I looked in the mirror and no longer saw the battle-worn Jenny who I’ve known for the last three decades of my life. She had carried me far, but it was time to peel back the layers. It turns out that what I was seeking all this time, was right here in front of me.
That was the day I came back to Jing.
In a world that constantly demanded justification for my existence, finally embracing my birth name felt like a small but radical form of self love and acceptance.
I was finally home.
In the half year since I’ve reclaimed my birth name, I’ve felt a deeper connection to my purpose and clarity of my mission and voice. I realized that my past drive to achieve was fueled by a state of fear and contraction, the need to prove myself to the external world at all costs. As I shifted my attention inward, my hunger for growth and drive to make an impact didn’t fade, but instead felt even more limitless as I now created from a state of expansion and truth.
I‘m grateful to be living in a time when we’re finally beginning to create space for all the diverse and multi-faceted voices of our cultures to be celebrated and expressed, in our own way and on our own terms. The landscape of natural food in this country is changing, faster than I ever thought possible.
We’ve come a long way since those days of me standing over a wok in my tiny Shanghai kitchen. As I think about this evolution and all that we have yet to become, I’m proud to share a rebrand for Fly By Jing today that tells our deeply personal tale of seeking belonging, and finding one’s way home. A story of breaking free from tradition, and rewriting new narratives.

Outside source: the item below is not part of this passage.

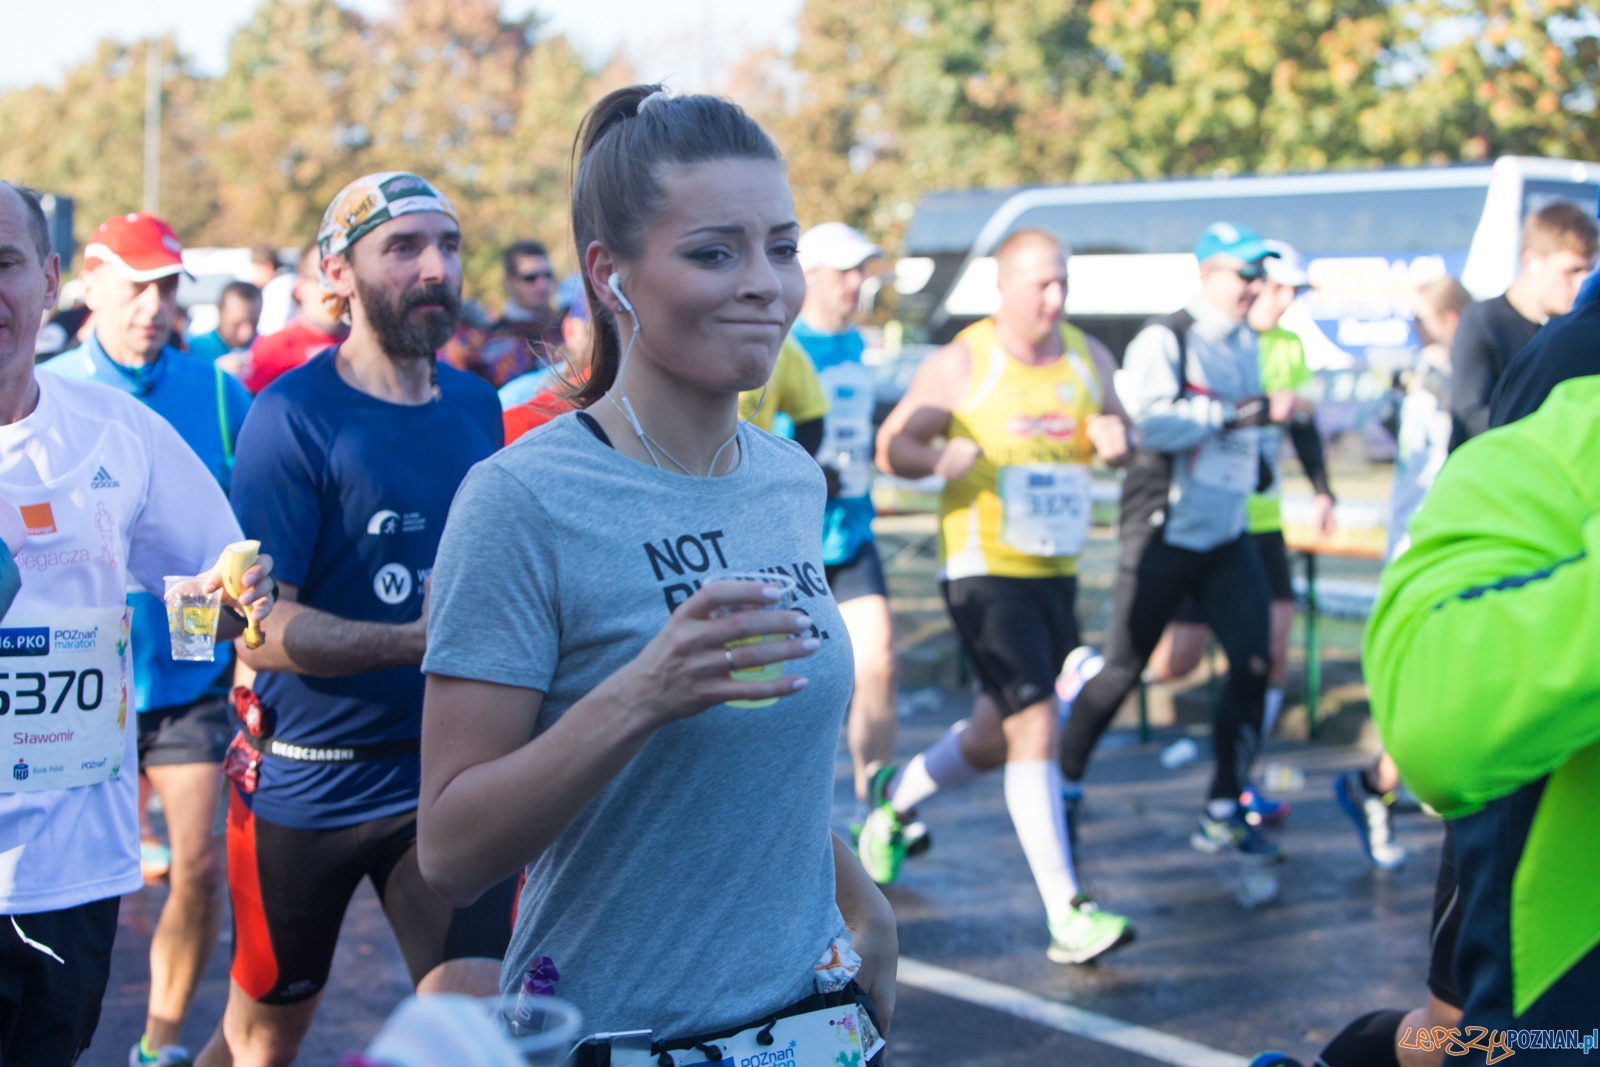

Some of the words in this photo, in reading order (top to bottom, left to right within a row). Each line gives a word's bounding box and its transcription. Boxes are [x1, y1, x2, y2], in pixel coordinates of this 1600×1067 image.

[643, 530, 729, 582] NOT
[17, 634, 46, 649] PKO
[55, 639, 97, 650] maraton
[13, 730, 75, 745] Sławomir

I hope that others will see a piece of themselves in it, that something as simple as a name and a jar of chili sauce can be a radical reclamation of personal power.
Food has always been political.
Chinese food has long been painted as a monolith and molded into narratives that fit neatly in our collective biases. But it’s easy to be reductive when our exposure to others has been so limited. There is no room for complexity if everything is binary.
But like its people, Chinese flavors are more complex, ever-evolving, and diverse than that. We are more than that. What started as my personal quest to reconnect with my roots has become a mission to celebrate the many-layered stories of the diaspora, because real stories are personal, and they deserve to be told.
If I could travel back in time to little Jing before she made the fateful decision to change her name, I would tell her that she is worthy, just as she is, and that there’s always been a seat for her at the table.
Fly By Jing is the product of a personal journey of discovery and coming home to self. Like me, it’s born in Chengdu, but living in America. It’s rooted in tradition, but made for the way we live today. It doesn’t conform to anyone else’s notions of value, taste or tradition.
It’s one person’s recipes, one person’s vision, and one person’s story.
And with these flavors, I’m telling you mine.